When you set down the entries, keep every word exactly as it is but drop the pictures.

··· AVAILABLE DATA ···

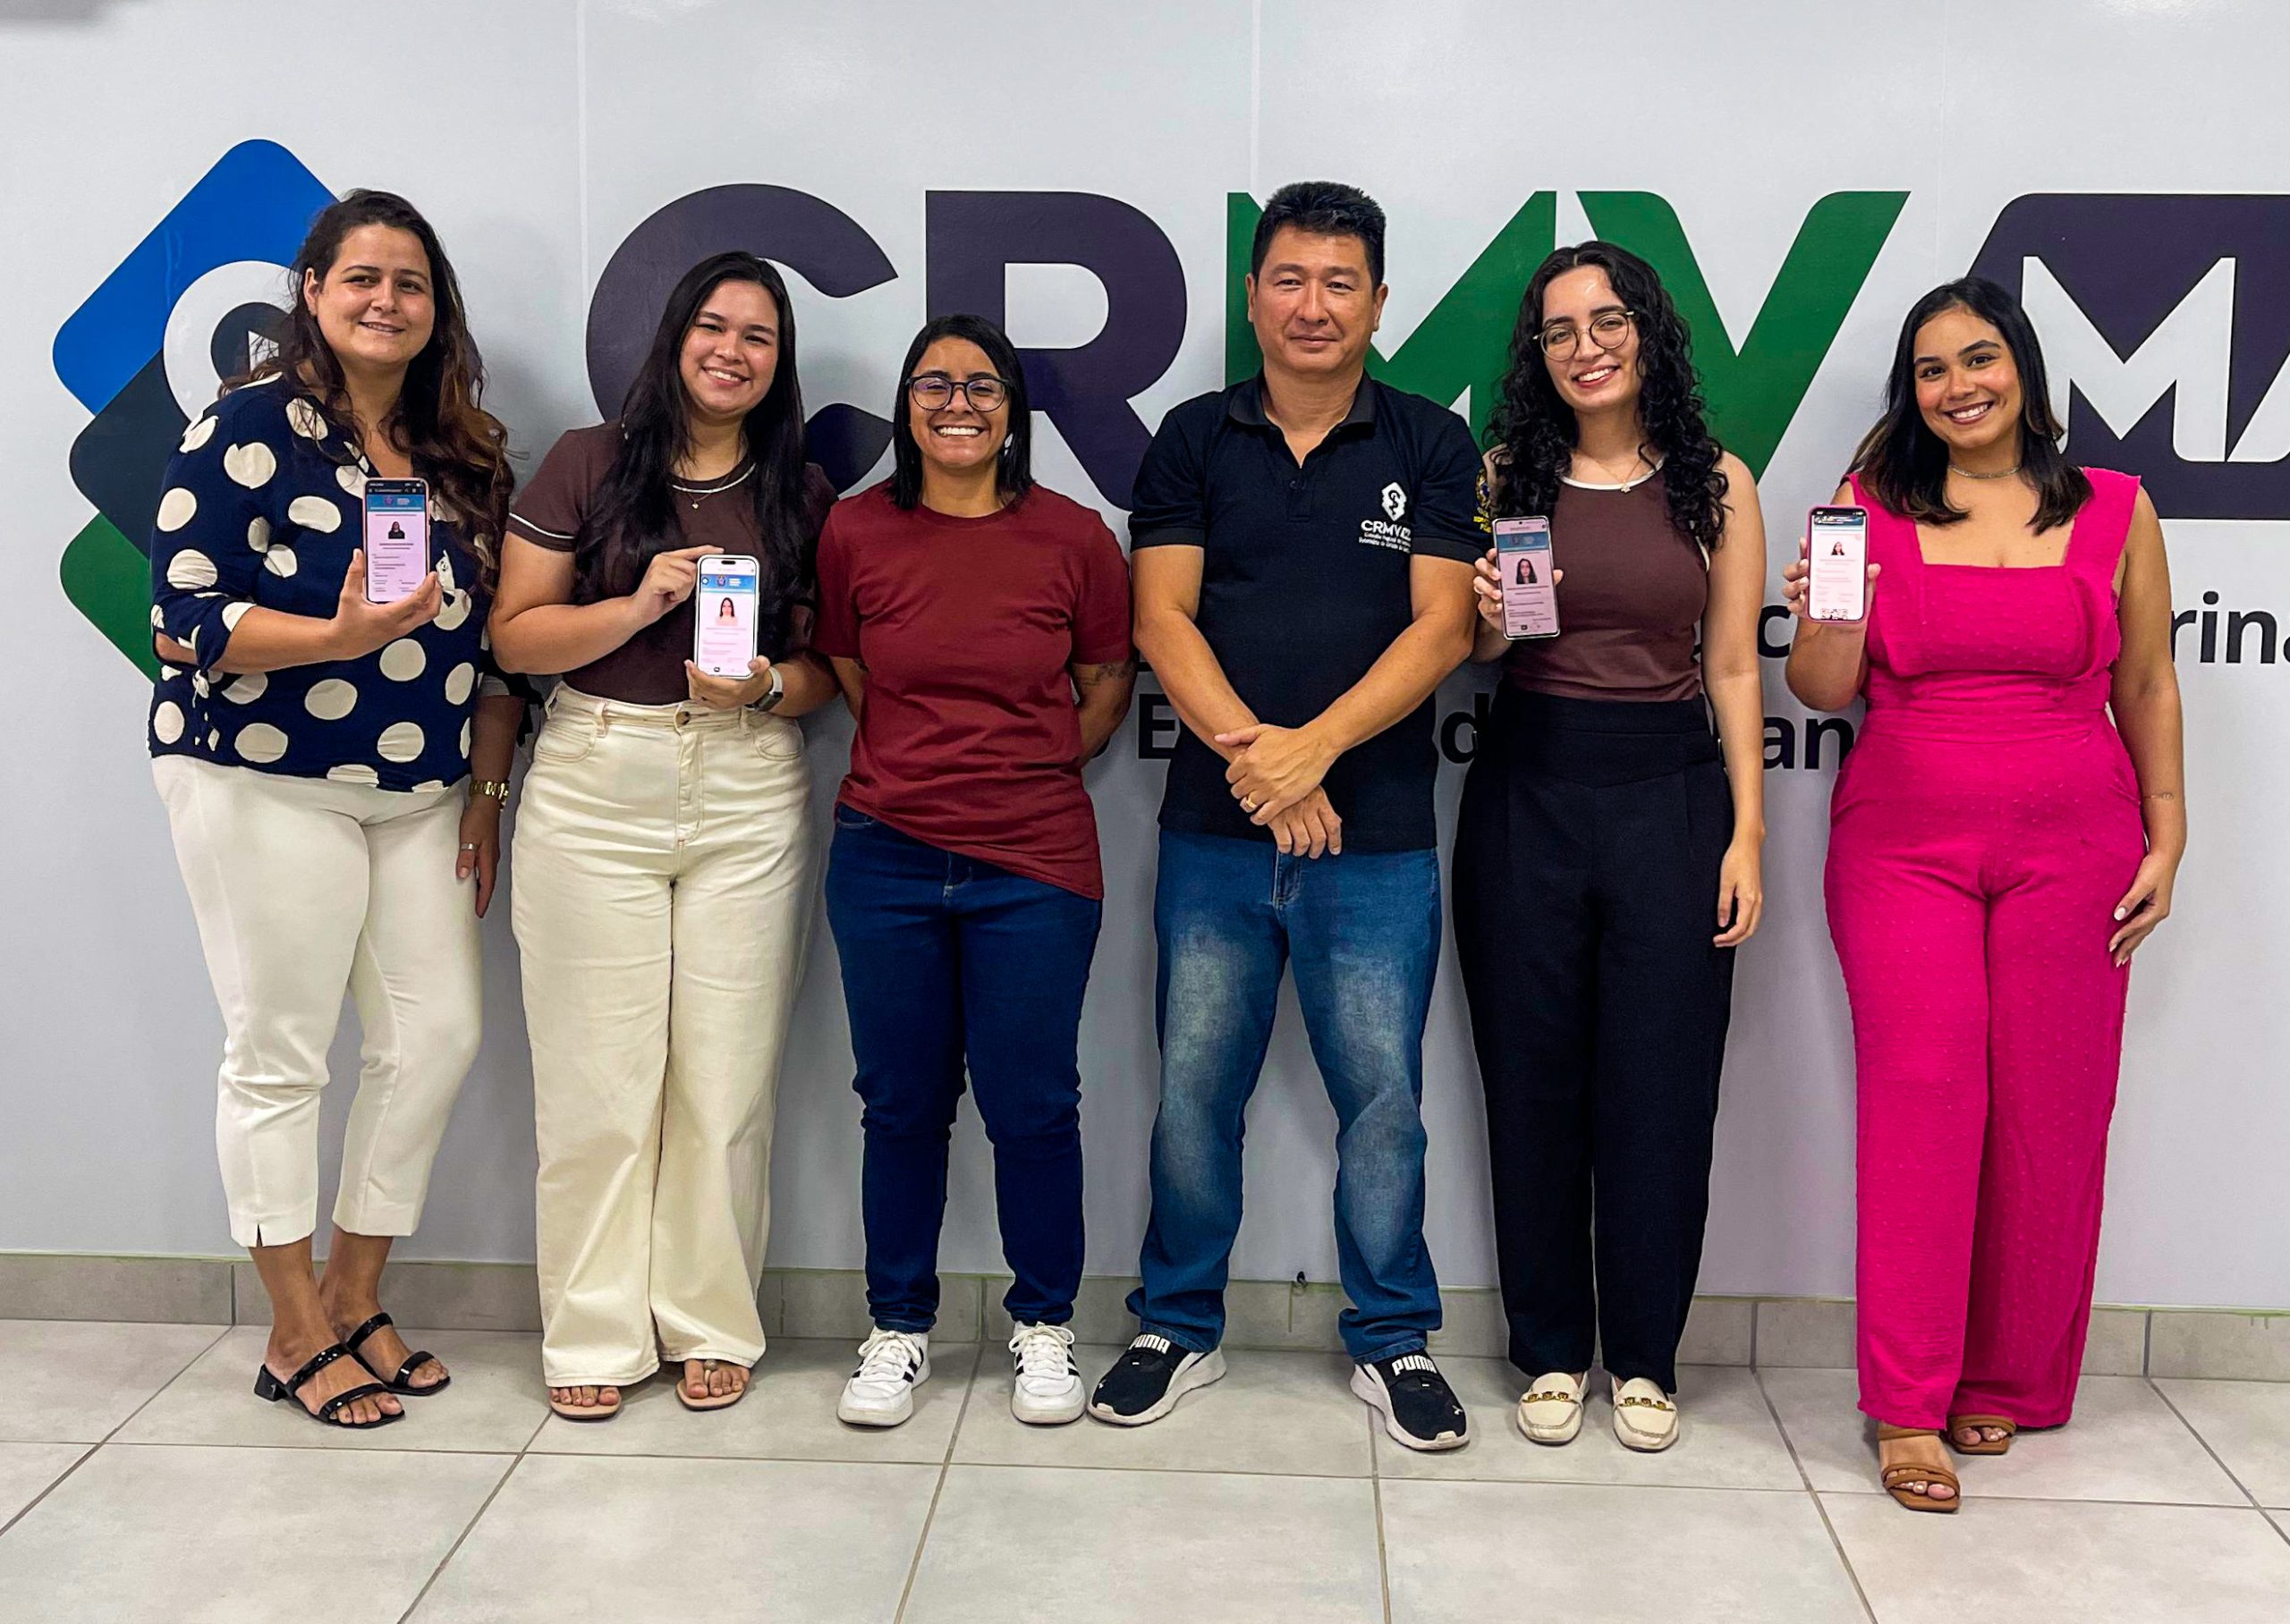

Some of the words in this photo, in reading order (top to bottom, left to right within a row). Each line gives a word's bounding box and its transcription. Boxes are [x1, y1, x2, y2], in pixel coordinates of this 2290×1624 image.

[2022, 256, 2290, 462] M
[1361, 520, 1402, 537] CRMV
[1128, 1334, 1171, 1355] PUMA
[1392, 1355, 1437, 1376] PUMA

···

**OUTPUT**.
Some of the words in this photo, in reading order (top to bottom, left to right within a row). Each line gives a word's bounding box and its transcription. Boxes are [x1, y1, x2, y2], in pixel coordinates of this 2290×1624 image.

[2022, 256, 2290, 462] M
[1361, 520, 1402, 537] CRMV
[1128, 1334, 1171, 1355] PUMA
[1392, 1355, 1437, 1376] PUMA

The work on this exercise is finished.